In South Africa, banking and finance transactions often involve suretyships and guarantees. A guarantor's obligation depends on what the guarantee says. It is usually couched in terms which render it as an obligation independent of the debtor, to indemnify the creditor for losses due to the debtor’s non-performance, and guarantors commit to paying upon a specified event. In contrast, a surety promises the creditor that the debtor will pay and a surety's liability arises only if the debtor breaches the contract, stepping in to fulfill the debtor’s obligations if they fail to do so. Also, the rights of those who provide sureties are well settled in our law.
In Nedbank Limited v Xanita (Pty) Ltd, the Western Cape High Court examined whether the principal debtor is by operation of law indebted to the guarantor for the amounts paid in terms of the guarantee. In this case, the plaintiff issued two on-demand guarantees to Absa. Mr. Beattie, a director at Xanita at the time, provided a counter guarantee (back-to-back guarantee) in favour of the plaintiff, binding himself personally. After Mr. Beattie's estate was sequestrated, the plaintiff sought to recover repayment from the defendant (as principal debtor) following Absa's call on the guarantees.
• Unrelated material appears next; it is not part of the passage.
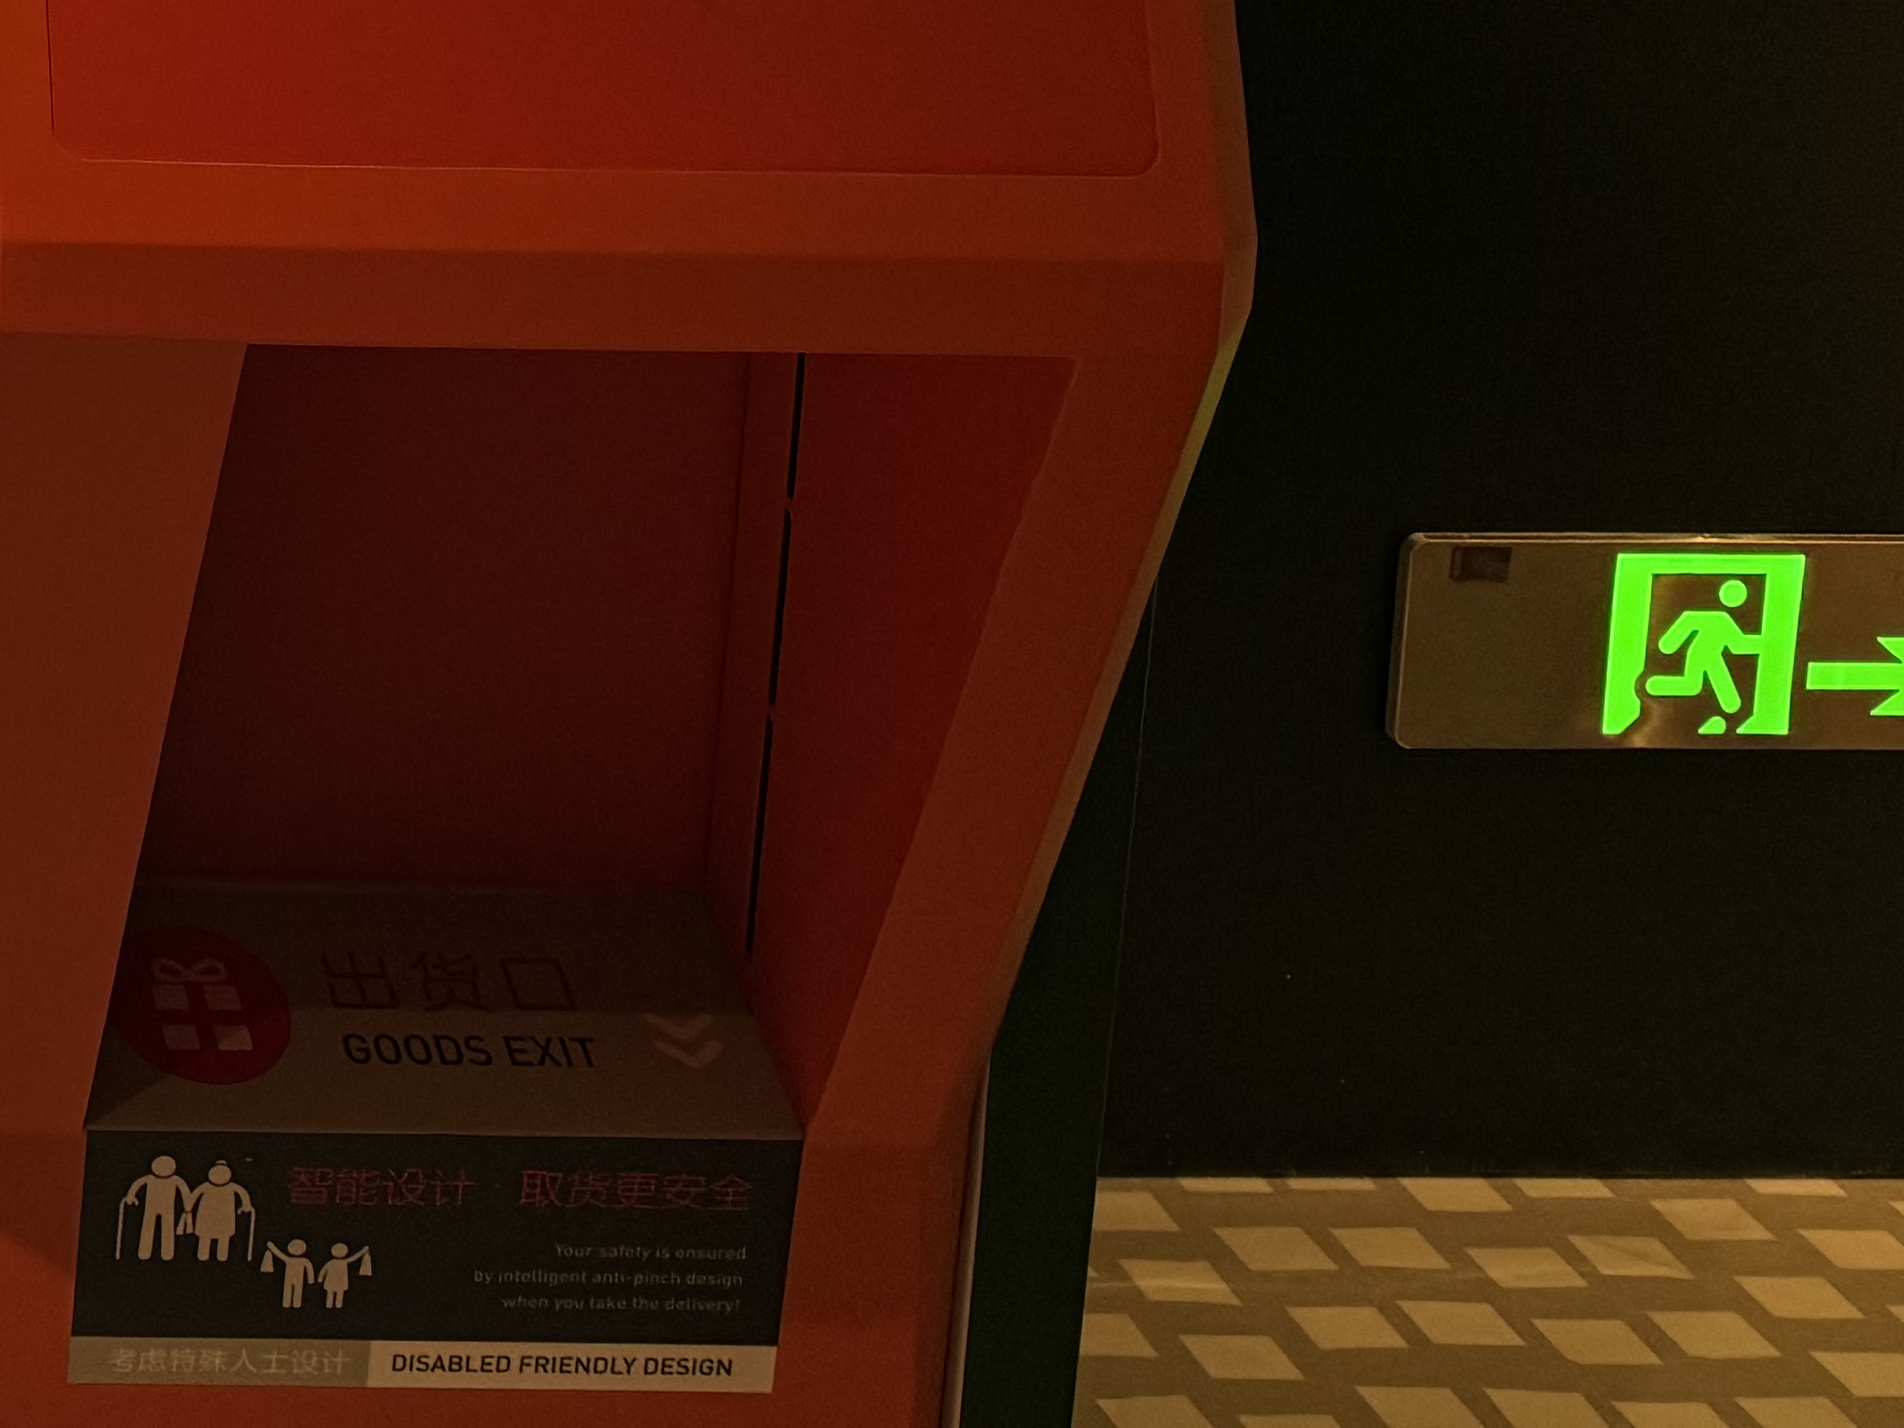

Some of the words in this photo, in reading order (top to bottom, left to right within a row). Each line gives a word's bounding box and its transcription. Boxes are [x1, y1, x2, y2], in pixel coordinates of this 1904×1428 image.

The High Court held that there is no authority for the proposition that the principal debtor must reimburse the guarantor or the counter guarantor. The High Court found that the plaintiff was aware of the circumstances before issuing the guarantee and had relied on Mr. Beattie’s security rather than binding the defendant. Consequently, the High Court dismissed the plaintiff's claim that, as a guarantor, it had a right of recourse against the defendant as the principal debtor, akin to a surety's rights, because there is no such right available to guarantors unless they provide for it in the document.
This is likely not the last we will hear on this matter. It will be interesting to see how the Supreme Court of Appeal rules on this point of law.